_BRIEF_
From the first line to the last, copy the material exactly and leave the pictures out.
-.-.-
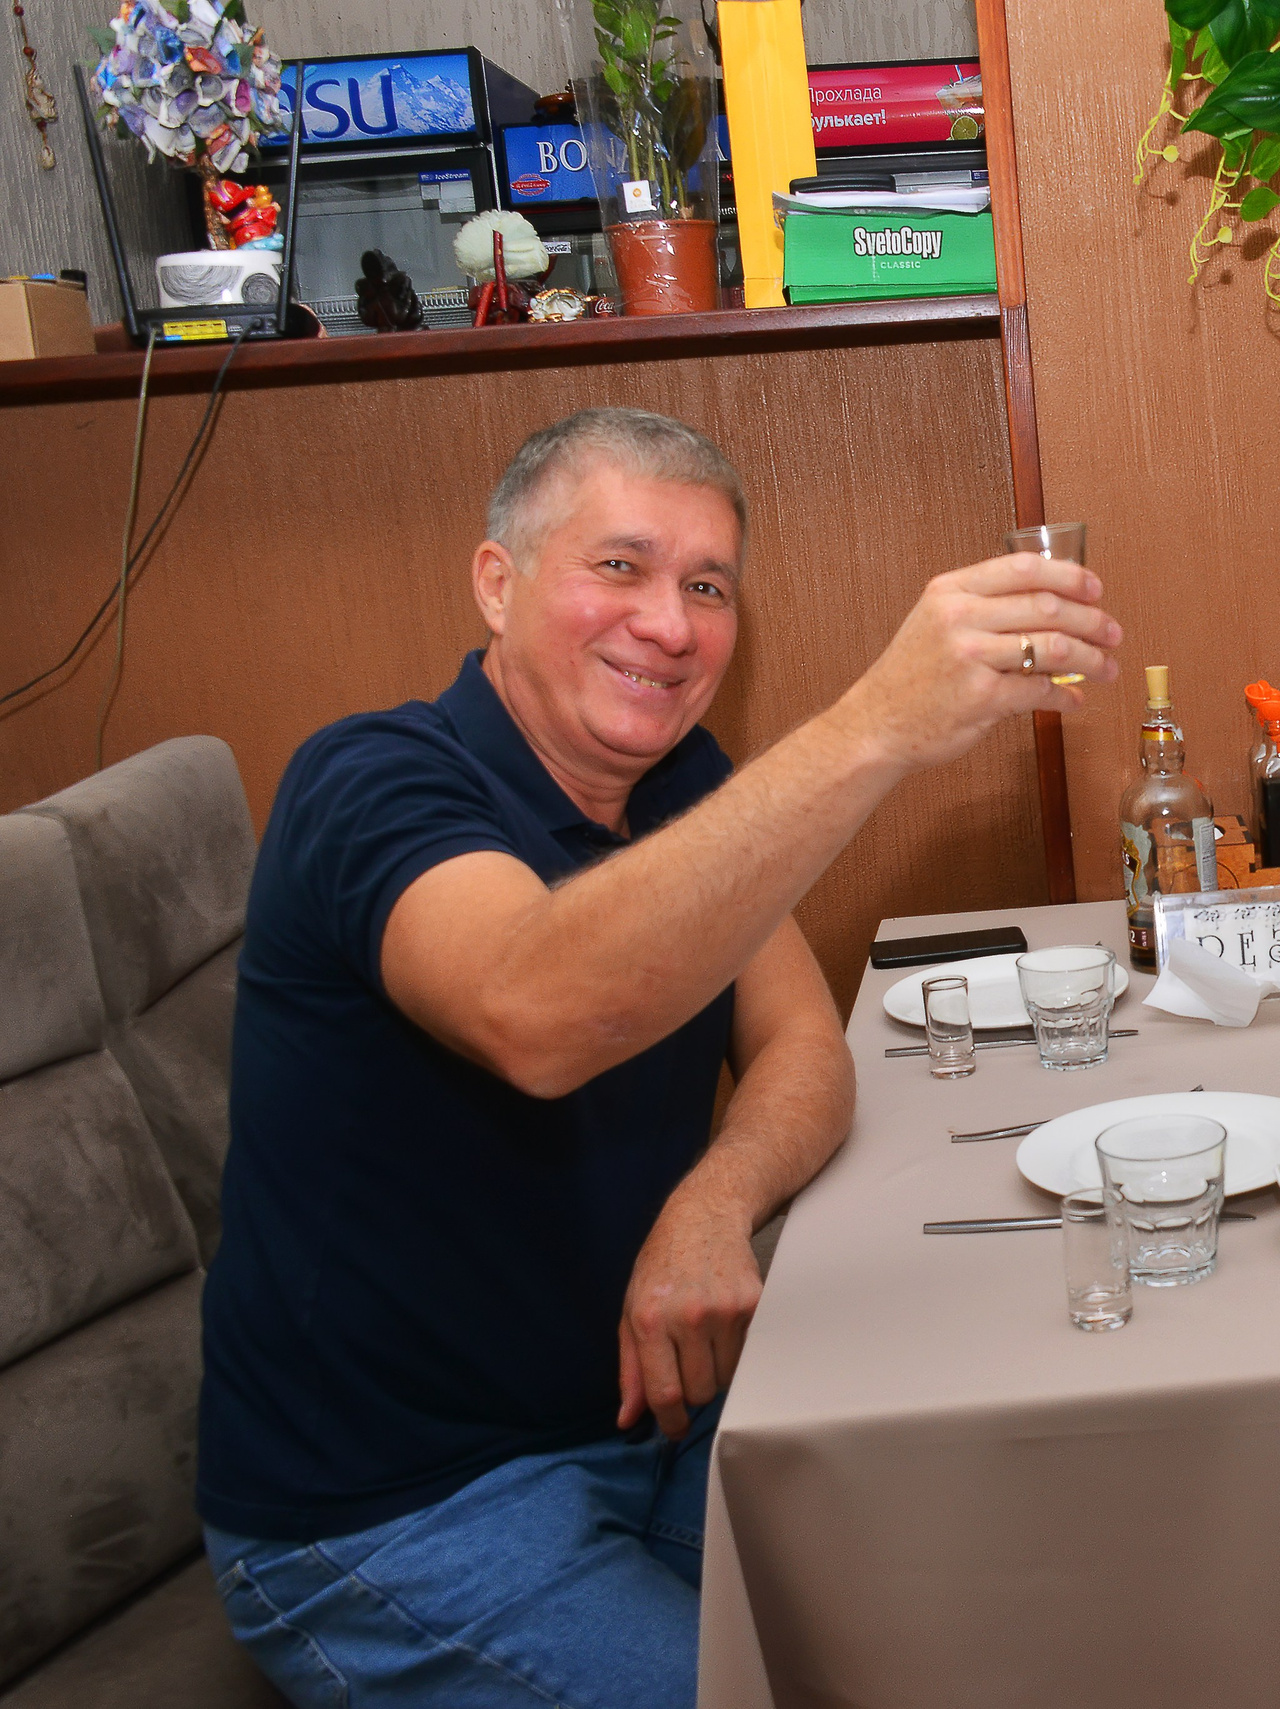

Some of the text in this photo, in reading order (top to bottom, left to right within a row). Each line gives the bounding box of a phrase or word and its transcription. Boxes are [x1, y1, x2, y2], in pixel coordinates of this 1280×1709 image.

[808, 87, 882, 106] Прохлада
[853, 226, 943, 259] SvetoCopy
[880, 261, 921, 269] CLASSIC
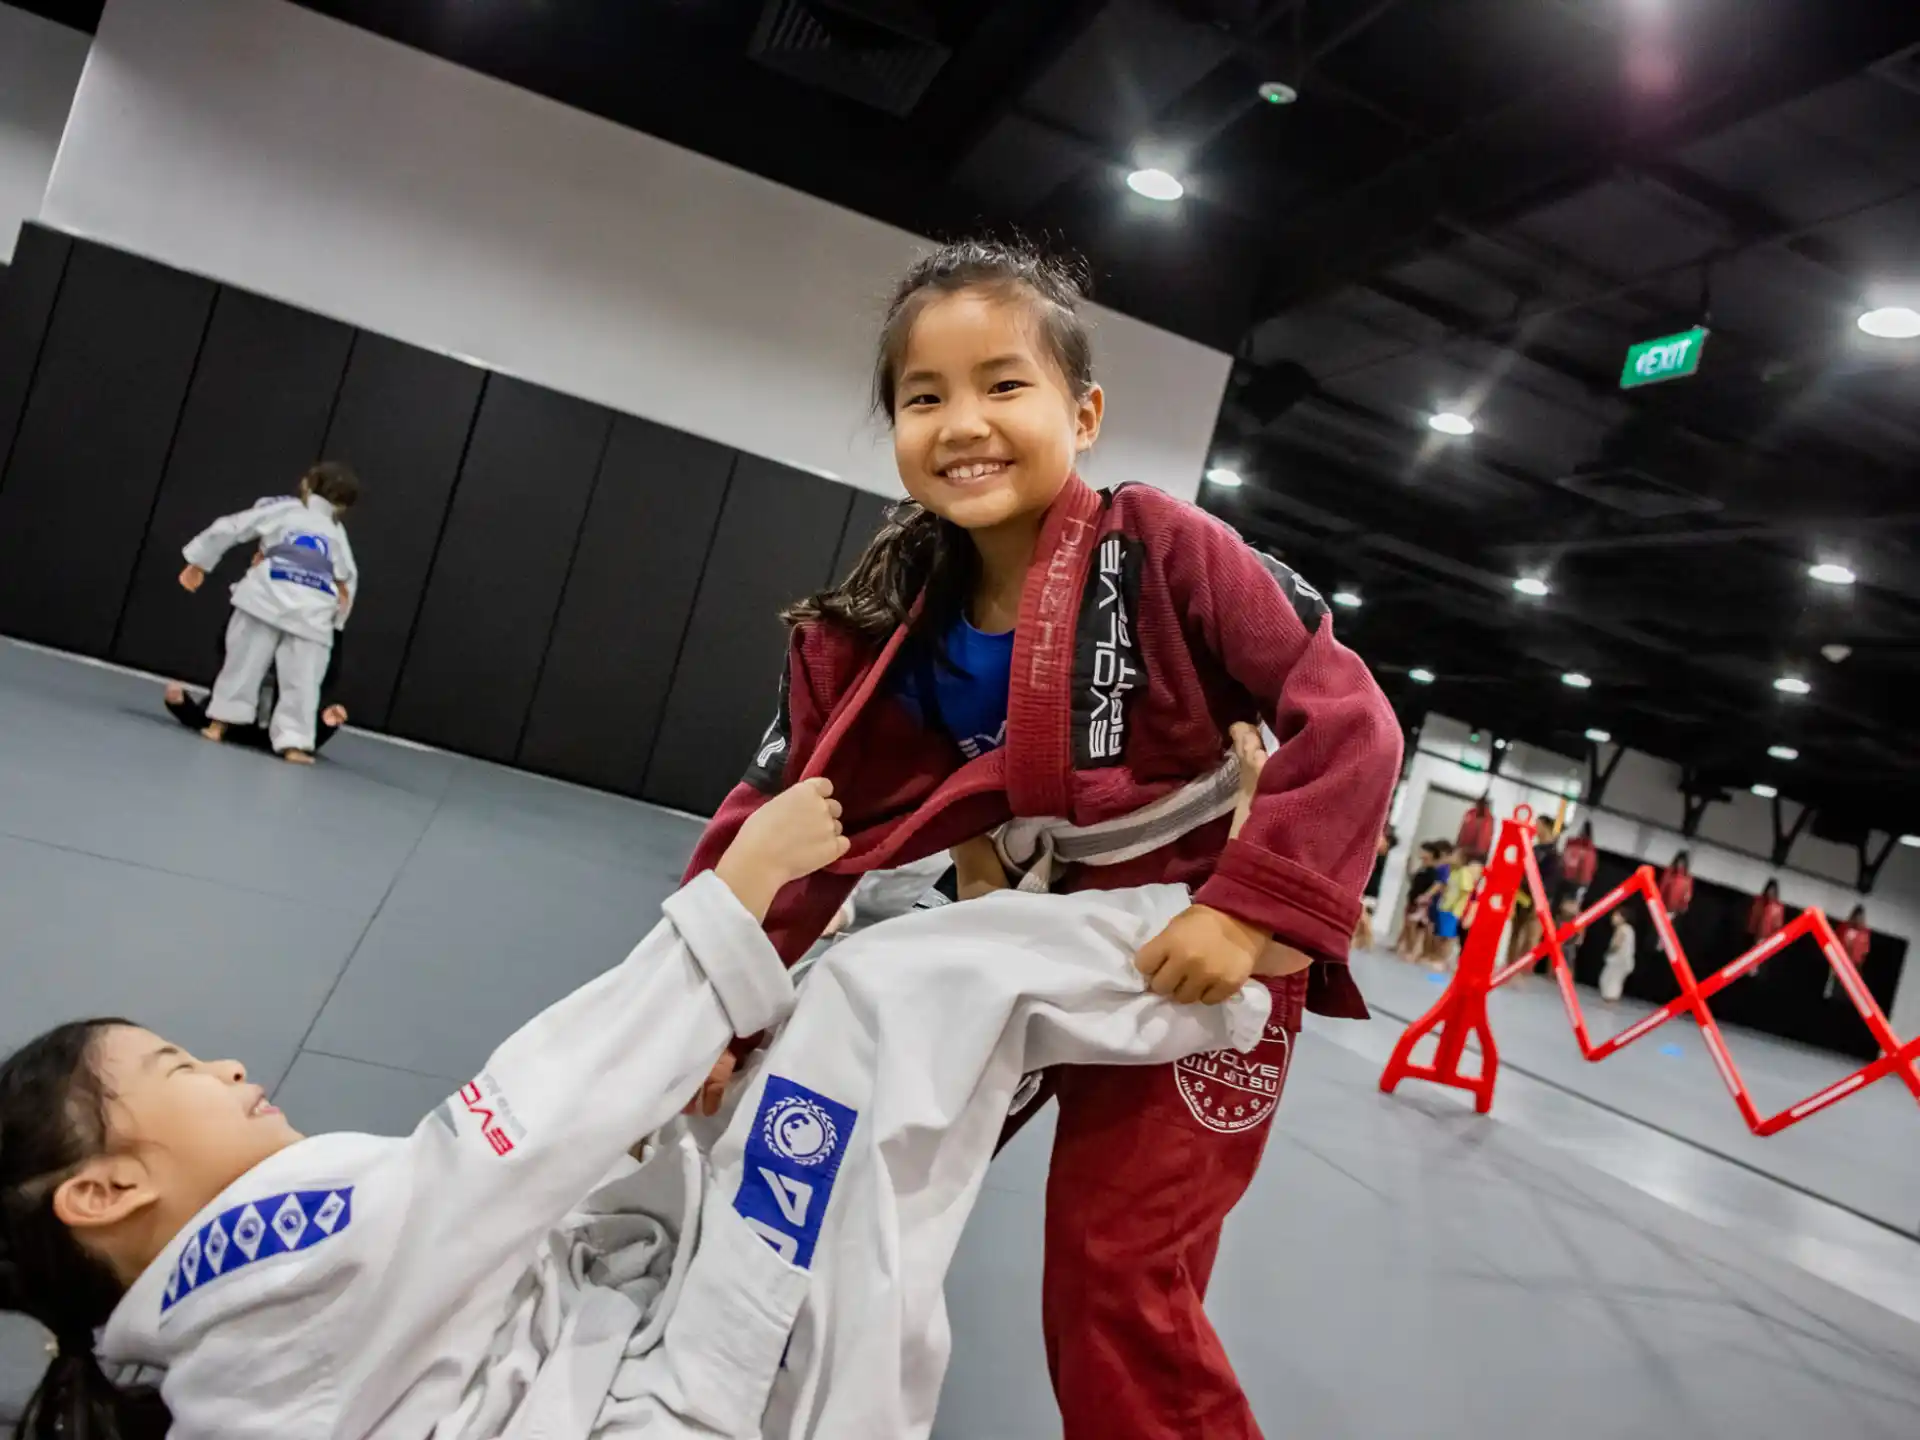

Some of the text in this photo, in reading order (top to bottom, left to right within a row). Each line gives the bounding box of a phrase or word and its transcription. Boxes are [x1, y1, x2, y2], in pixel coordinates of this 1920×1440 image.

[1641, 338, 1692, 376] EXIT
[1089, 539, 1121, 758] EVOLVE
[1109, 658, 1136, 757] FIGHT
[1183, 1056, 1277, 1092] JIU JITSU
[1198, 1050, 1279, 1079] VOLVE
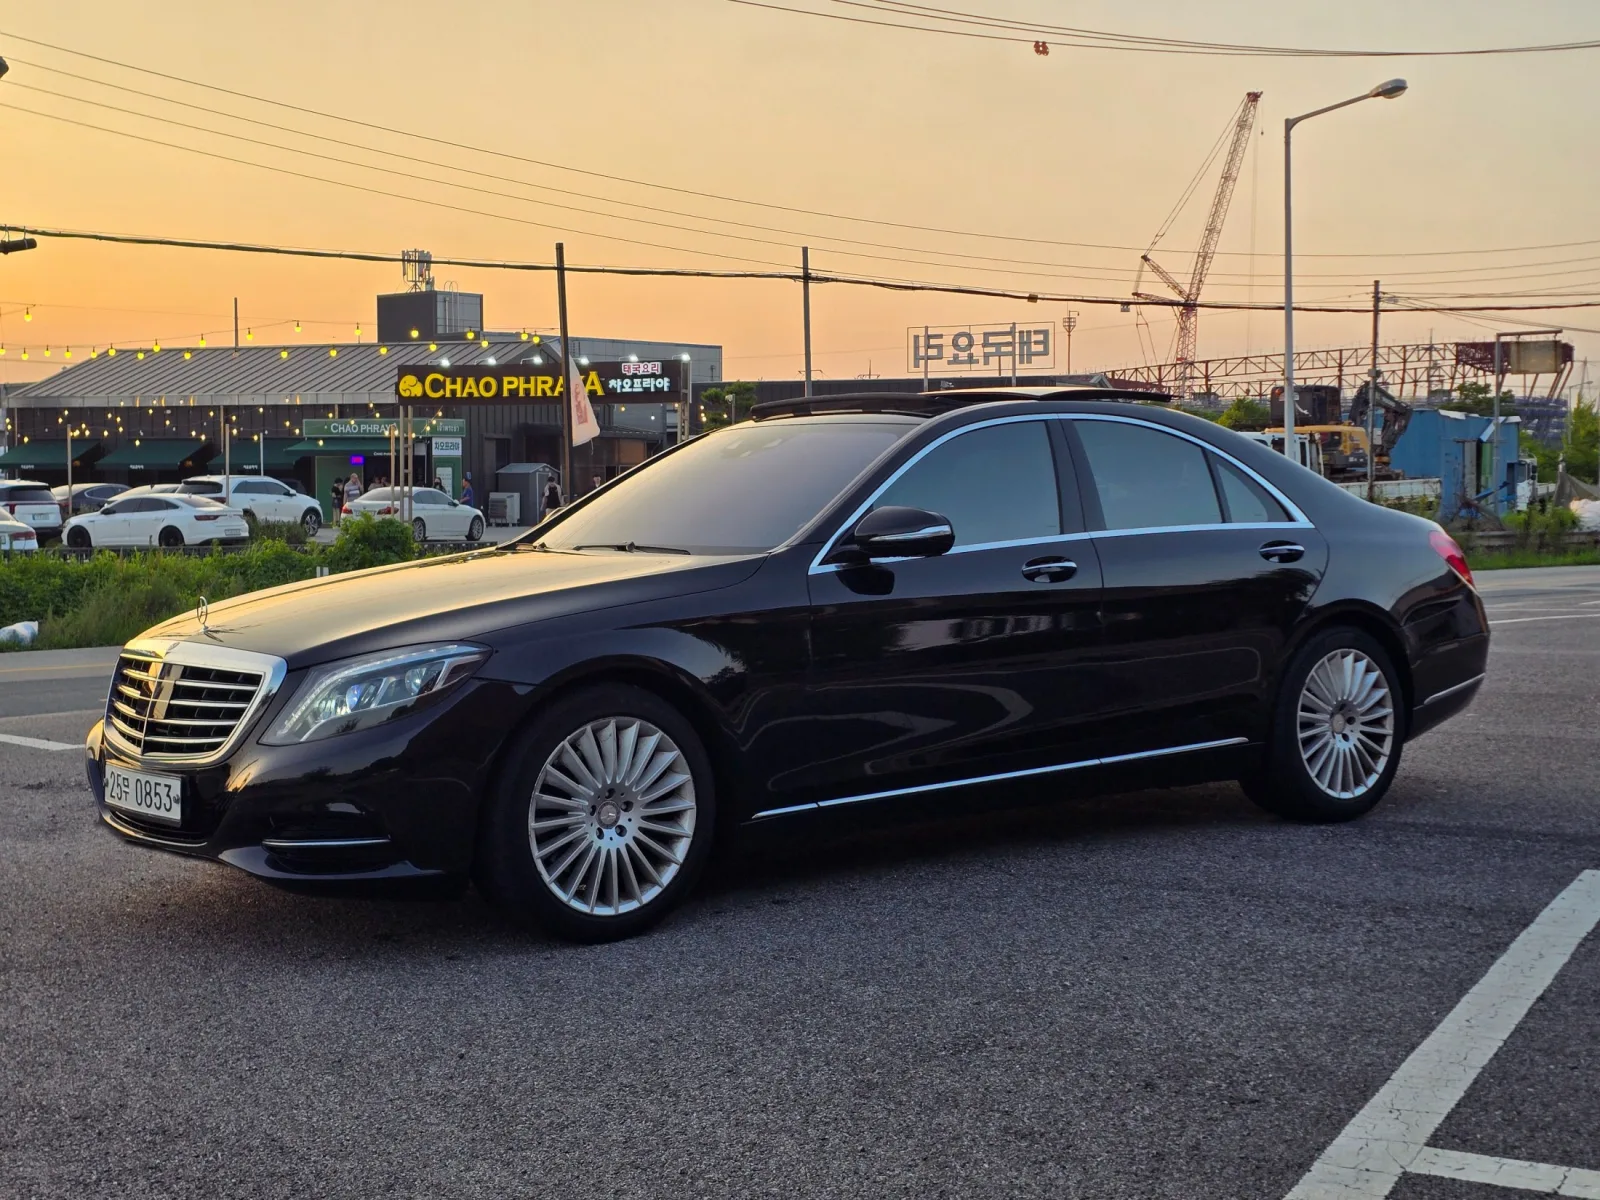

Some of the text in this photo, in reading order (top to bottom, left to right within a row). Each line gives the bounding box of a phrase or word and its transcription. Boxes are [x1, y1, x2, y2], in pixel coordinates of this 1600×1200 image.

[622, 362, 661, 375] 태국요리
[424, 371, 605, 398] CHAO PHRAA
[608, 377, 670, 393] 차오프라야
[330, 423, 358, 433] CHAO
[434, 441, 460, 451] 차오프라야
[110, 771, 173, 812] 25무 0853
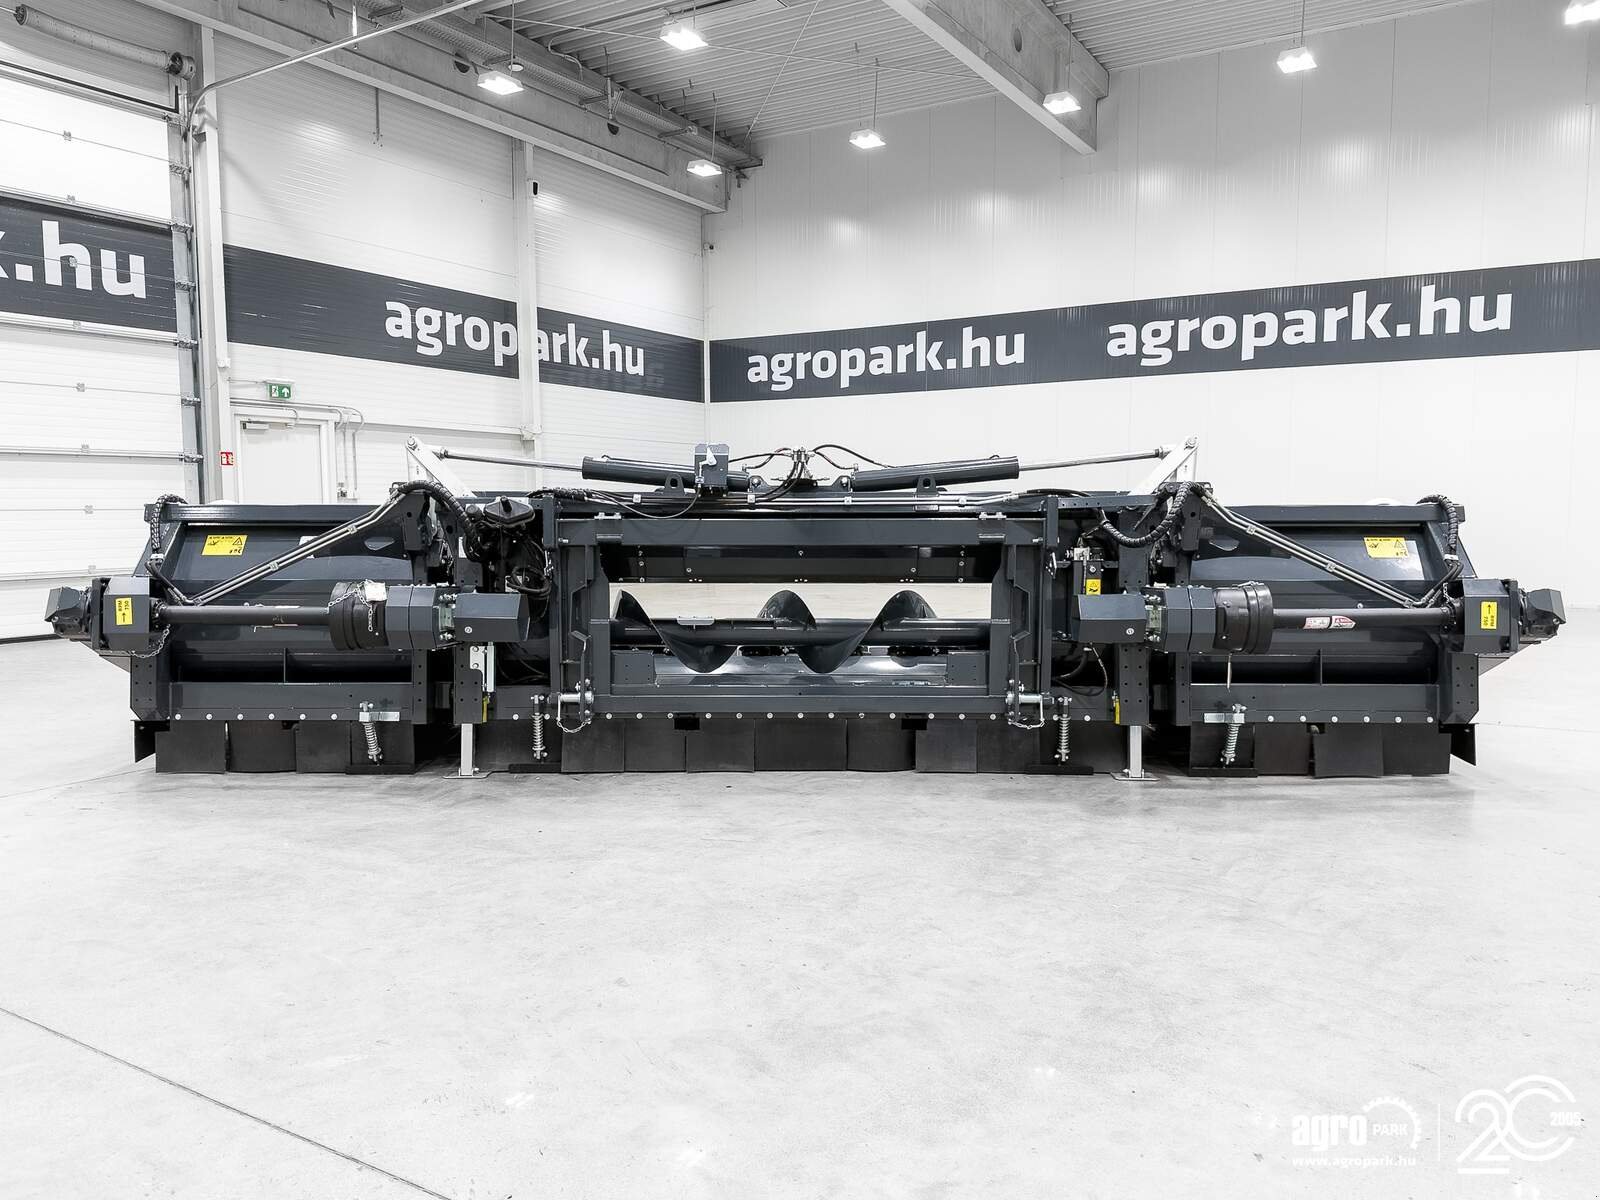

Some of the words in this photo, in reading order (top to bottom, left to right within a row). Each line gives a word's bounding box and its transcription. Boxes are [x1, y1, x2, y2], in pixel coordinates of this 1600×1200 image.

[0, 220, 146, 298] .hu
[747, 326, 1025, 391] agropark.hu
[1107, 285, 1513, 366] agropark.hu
-.-.-
_OUTPUT_
Some of the text in this photo, in reading order (top to bottom, left to right within a row). Each line gives the bounding box of a phrase or word and its transcription. Boxes are [x1, y1, x2, y2], in pixel coordinates of this 1280×1709 image.

[808, 87, 882, 106] Прохлада
[853, 226, 943, 259] SvetoCopy
[880, 261, 921, 269] CLASSIC

Some of the text in this photo, in reading order (top to bottom, left to right within a row). Each line gives the bounding box of a phrase or word and its transcription. Boxes are [x1, y1, x2, y2], in pixel coordinates of this 1920×1440 image.

[1641, 338, 1692, 376] EXIT
[1089, 539, 1121, 758] EVOLVE
[1109, 658, 1136, 757] FIGHT
[1183, 1056, 1277, 1092] JIU JITSU
[1198, 1050, 1279, 1079] VOLVE

Some of the text in this photo, in reading order (top to bottom, left to right within a row). Each line gives the bounding box of a phrase or word and its transcription. Boxes are [x1, y1, x2, y2], in pixel coordinates of this 1600×1200 image.

[622, 362, 661, 375] 태국요리
[424, 371, 605, 398] CHAO PHRAA
[608, 377, 670, 393] 차오프라야
[330, 423, 358, 433] CHAO
[434, 441, 460, 451] 차오프라야
[110, 771, 173, 812] 25무 0853

Some of the words in this photo, in reading order (top to bottom, left to right within a row). Each line gives a word's bounding box and its transcription. Boxes are [x1, y1, x2, y2], in pixel coordinates of this 1600×1200 image.

[0, 220, 146, 298] .hu
[747, 326, 1025, 391] agropark.hu
[1107, 285, 1513, 366] agropark.hu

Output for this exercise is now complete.